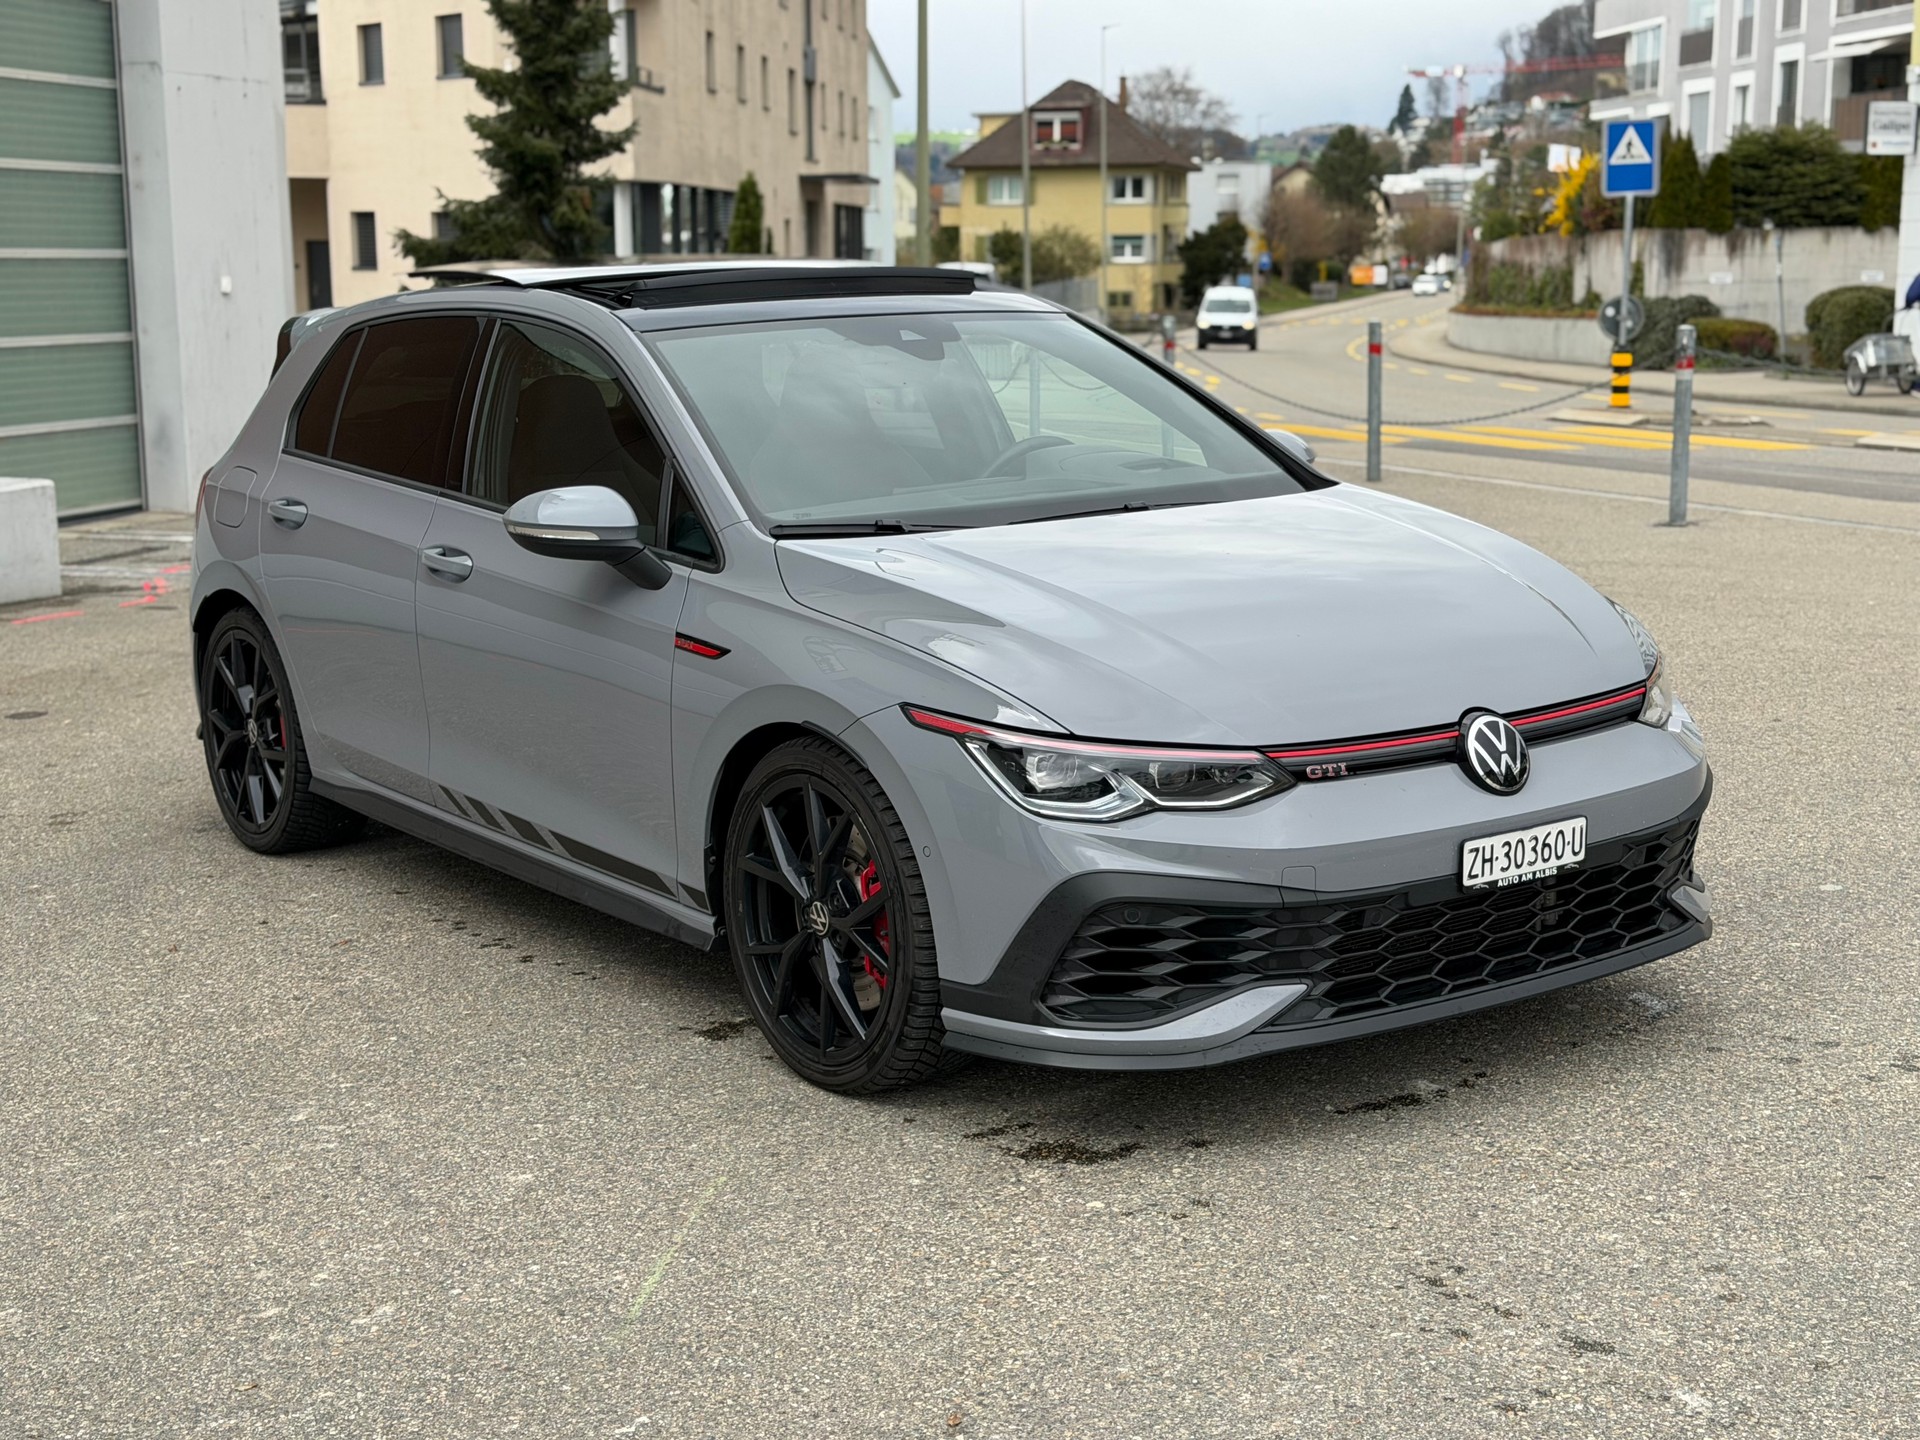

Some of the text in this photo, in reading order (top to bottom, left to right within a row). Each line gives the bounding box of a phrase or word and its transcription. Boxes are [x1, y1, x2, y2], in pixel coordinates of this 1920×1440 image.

[1306, 762, 1348, 779] GTI
[1497, 867, 1558, 887] AUTO AM ALBIS
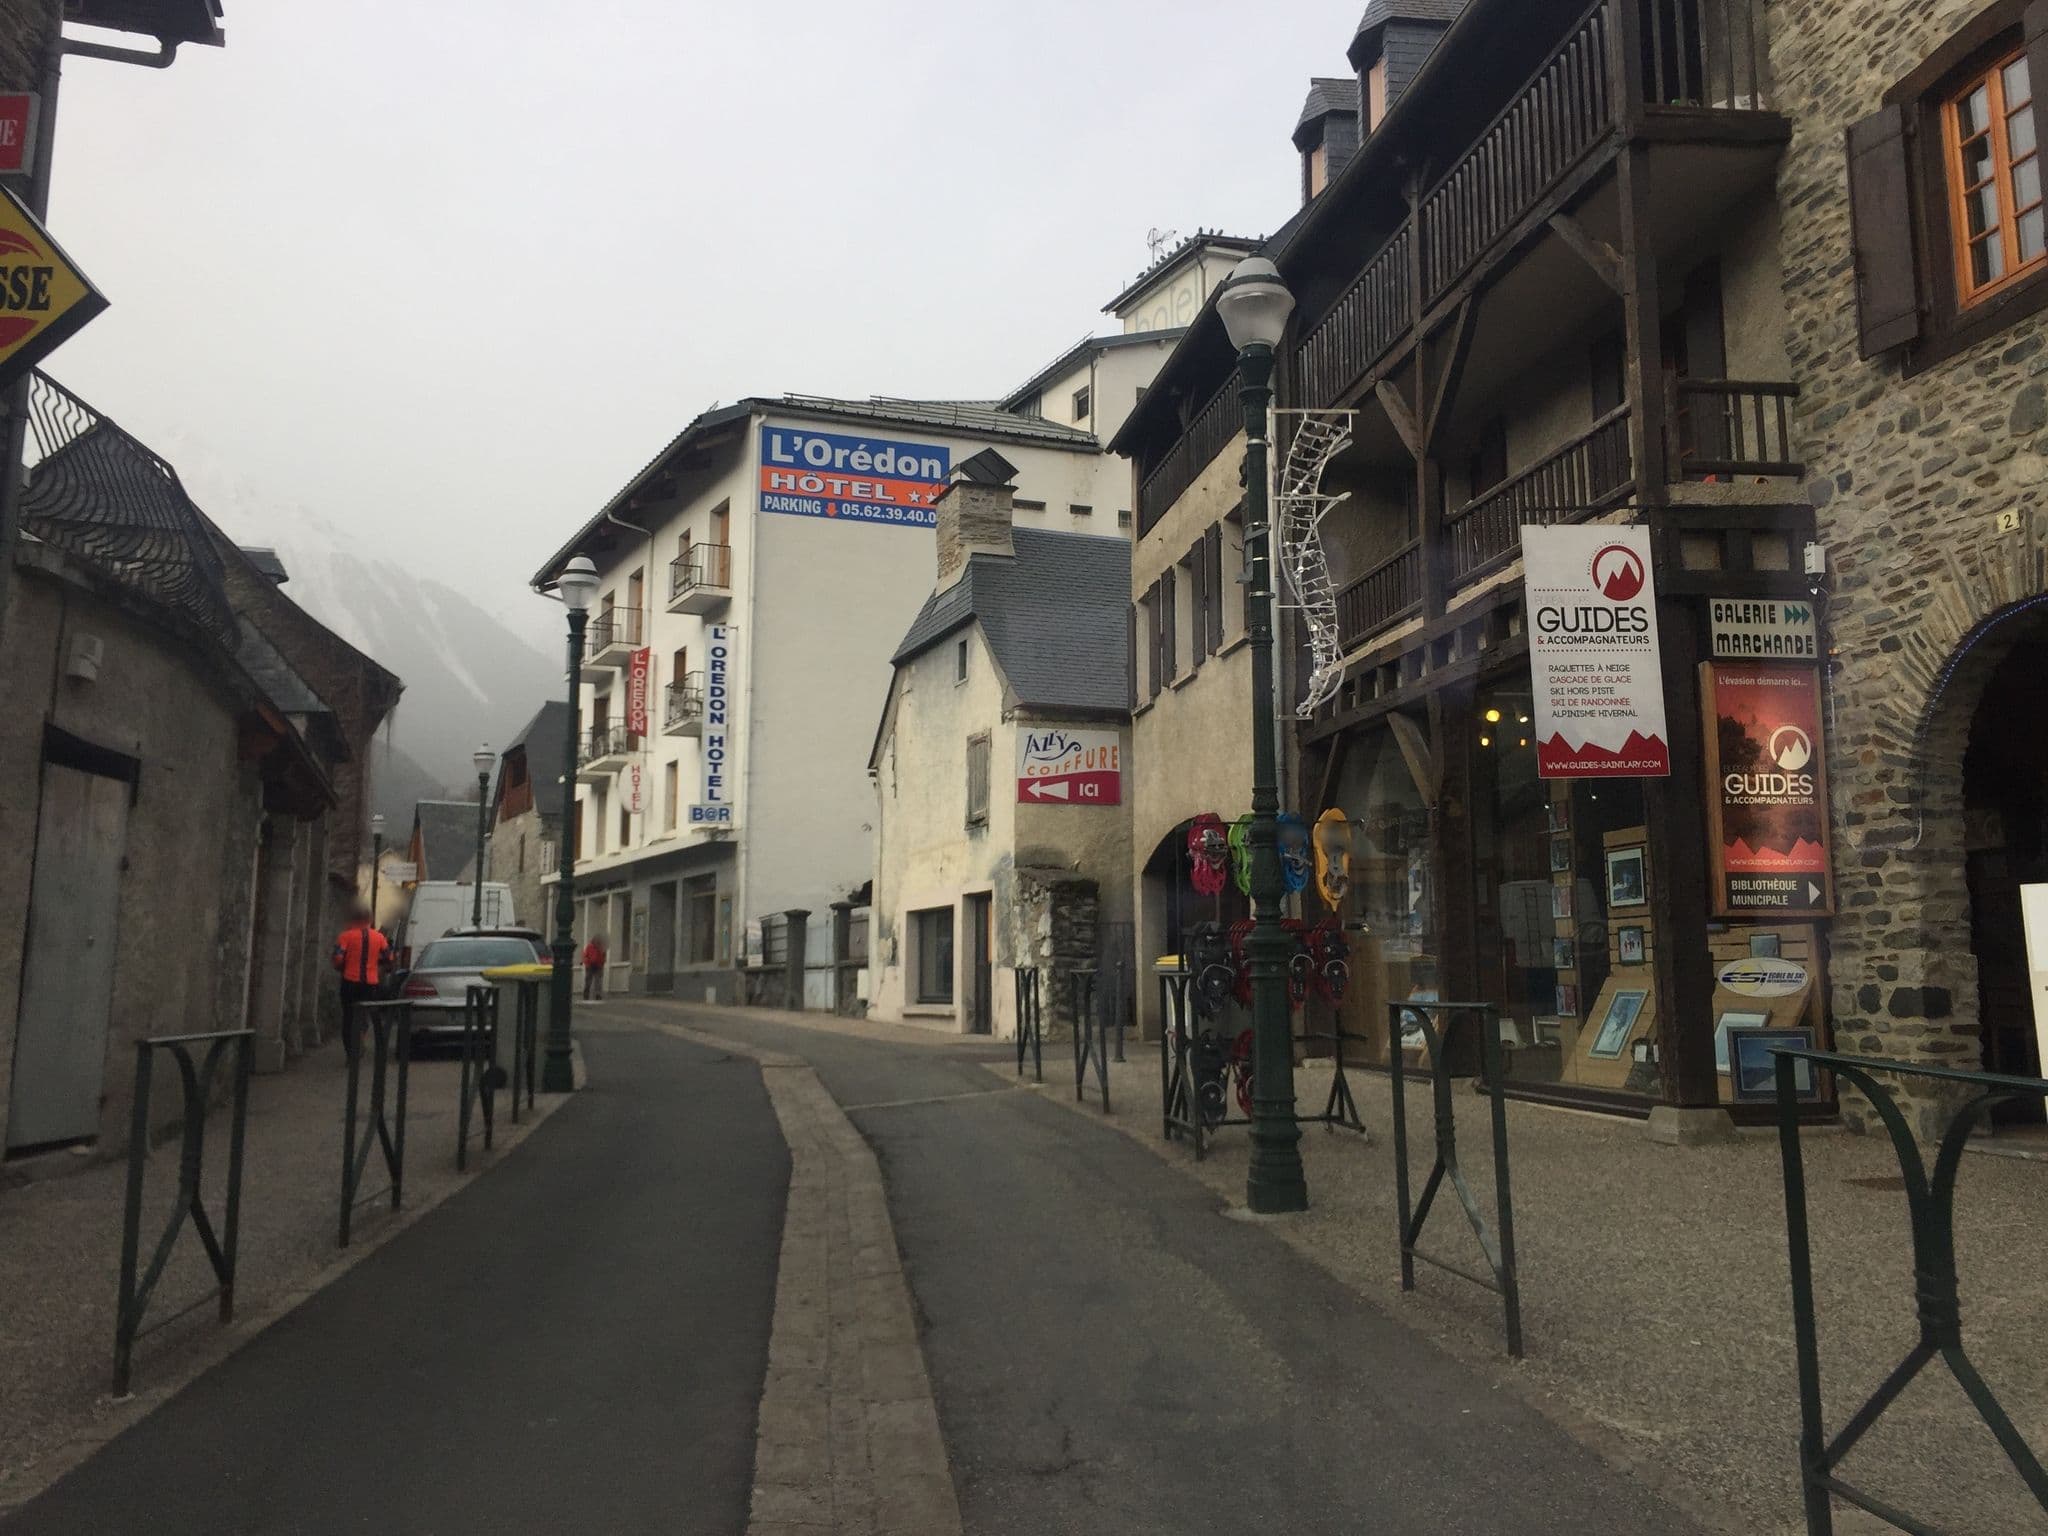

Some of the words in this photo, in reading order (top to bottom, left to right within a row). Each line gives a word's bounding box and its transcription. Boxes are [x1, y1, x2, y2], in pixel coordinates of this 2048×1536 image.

[0, 119, 18, 146] E
[771, 434, 942, 479] L'Orédon
[770, 472, 896, 502] HÔTEL
[764, 495, 822, 514] PARKING
[2003, 514, 2013, 530] 2
[1536, 606, 1649, 633] GUIDES
[1714, 603, 1776, 624] GALERIE
[1537, 635, 1545, 645] &
[1547, 635, 1650, 645] ACCOMPAGNATEURS
[1716, 633, 1814, 654] MARCHANDE
[1548, 664, 1595, 673] RAQUETTES
[1605, 664, 1631, 673] NEIGE
[1549, 675, 1589, 684] CASCADE
[1590, 675, 1602, 684] DE
[1603, 675, 1632, 684] GLACE
[1718, 675, 1755, 686] L'évasion
[1757, 676, 1790, 687] démarre
[1550, 687, 1565, 696] SKI
[1567, 687, 1590, 696] HORS
[1592, 687, 1616, 695] PISTE
[1551, 698, 1566, 707] SKI
[1568, 698, 1579, 707] DE
[1551, 709, 1596, 718] ALPINISME
[1598, 709, 1639, 718] HIVERNAL
[707, 735, 725, 801] HOTEL
[1027, 745, 1119, 776] COIFFURE
[631, 764, 641, 815] HOTEL
[1079, 783, 1099, 797] ICI
[1724, 773, 1813, 796] GUIDES
[1732, 796, 1814, 805] ACCOMPAGNATEURS
[1731, 878, 1798, 892] BIBLIOTHÈQUE
[1732, 895, 1789, 906] MUNICIPALE

◇ ◇ ◇

- [What you are asked to do]: The entries above need to be printed again exactly; please exclude all pictures.

- [Answer area]:
Some of the text in this photo, in reading order (top to bottom, left to right within a row). Each line gives the bounding box of a phrase or word and its transcription. Boxes are [x1, y1, x2, y2], in pixel coordinates of this 1920×1440 image.

[1306, 762, 1348, 779] GTI
[1497, 867, 1558, 887] AUTO AM ALBIS

Some of the words in this photo, in reading order (top to bottom, left to right within a row). Each line gives a word's bounding box and its transcription. Boxes are [x1, y1, x2, y2], in pixel coordinates of this 2048×1536 image.

[0, 119, 18, 146] E
[771, 434, 942, 479] L'Orédon
[770, 472, 896, 502] HÔTEL
[764, 495, 822, 514] PARKING
[2003, 514, 2013, 530] 2
[1536, 606, 1649, 633] GUIDES
[1714, 603, 1776, 624] GALERIE
[1537, 635, 1545, 645] &
[1547, 635, 1650, 645] ACCOMPAGNATEURS
[1716, 633, 1814, 654] MARCHANDE
[1548, 664, 1595, 673] RAQUETTES
[1605, 664, 1631, 673] NEIGE
[1549, 675, 1589, 684] CASCADE
[1590, 675, 1602, 684] DE
[1603, 675, 1632, 684] GLACE
[1718, 675, 1755, 686] L'évasion
[1757, 676, 1790, 687] démarre
[1550, 687, 1565, 696] SKI
[1567, 687, 1590, 696] HORS
[1592, 687, 1616, 695] PISTE
[1551, 698, 1566, 707] SKI
[1568, 698, 1579, 707] DE
[1551, 709, 1596, 718] ALPINISME
[1598, 709, 1639, 718] HIVERNAL
[707, 735, 725, 801] HOTEL
[1027, 745, 1119, 776] COIFFURE
[631, 764, 641, 815] HOTEL
[1079, 783, 1099, 797] ICI
[1724, 773, 1813, 796] GUIDES
[1732, 796, 1814, 805] ACCOMPAGNATEURS
[1731, 878, 1798, 892] BIBLIOTHÈQUE
[1732, 895, 1789, 906] MUNICIPALE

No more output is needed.